Referring expression grounding data:
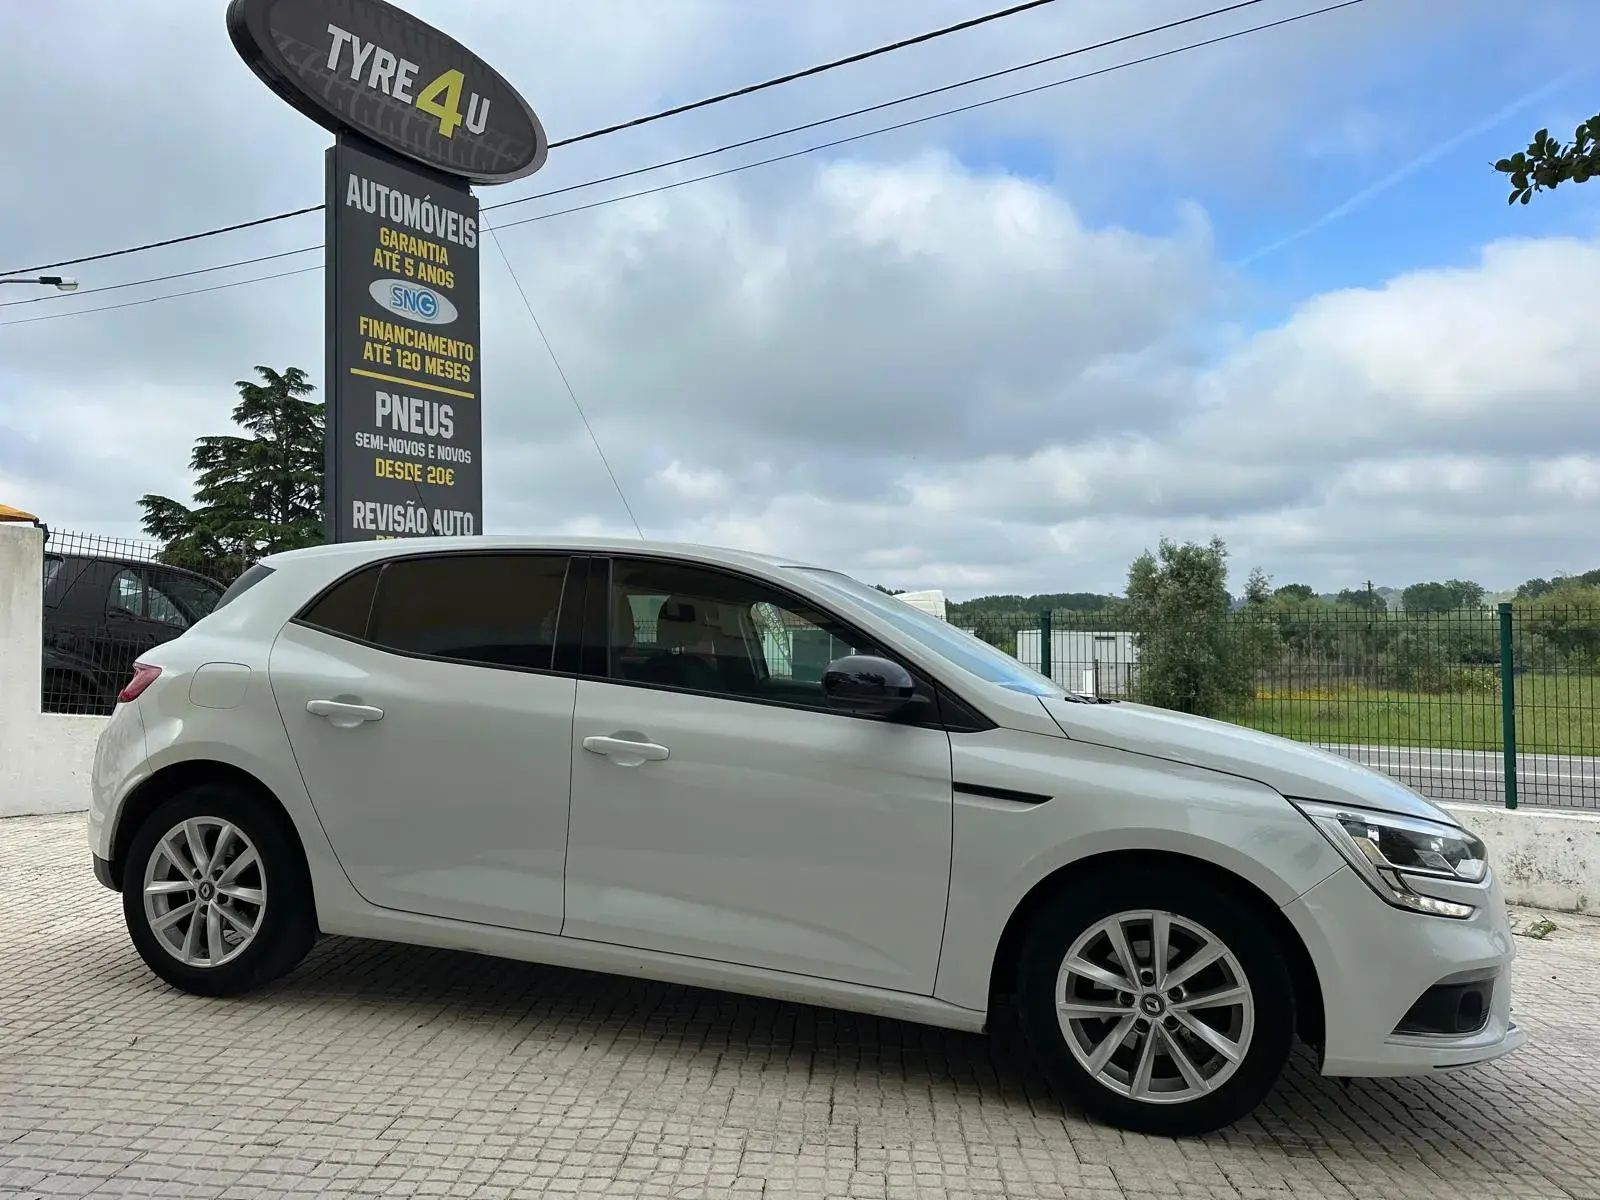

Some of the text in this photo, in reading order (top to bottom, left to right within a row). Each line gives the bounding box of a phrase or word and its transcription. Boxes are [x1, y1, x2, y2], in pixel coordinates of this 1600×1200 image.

[346, 173, 477, 249] AUTOMÓVEIS
[379, 227, 449, 266] GARANTIA
[373, 247, 455, 289] ATÉ 5 ANOS
[390, 284, 439, 320] SNG
[359, 316, 474, 362] FINANCIAMENTO
[363, 342, 471, 383] ATÉ 120 MESES
[375, 390, 454, 439] PNEUS
[355, 431, 472, 464] SEMI-NOVOS E NOVOS
[375, 457, 455, 486] DESDE 20€
[352, 499, 474, 537] REVISÃO AUTO

| Task requirements |
Could the entries above be returned verbatim, with no pictures included?

| Solved exercise |
Some of the text in this photo, in reading order (top to bottom, left to right within a row). Each line gives the bounding box of a phrase or word and its transcription. Boxes are [x1, y1, x2, y2], in pixel coordinates of this 1600×1200 image.

[346, 173, 477, 249] AUTOMÓVEIS
[379, 227, 449, 266] GARANTIA
[373, 247, 455, 289] ATÉ 5 ANOS
[390, 284, 439, 320] SNG
[359, 316, 474, 362] FINANCIAMENTO
[363, 342, 471, 383] ATÉ 120 MESES
[375, 390, 454, 439] PNEUS
[355, 431, 472, 464] SEMI-NOVOS E NOVOS
[375, 457, 455, 486] DESDE 20€
[352, 499, 474, 537] REVISÃO AUTO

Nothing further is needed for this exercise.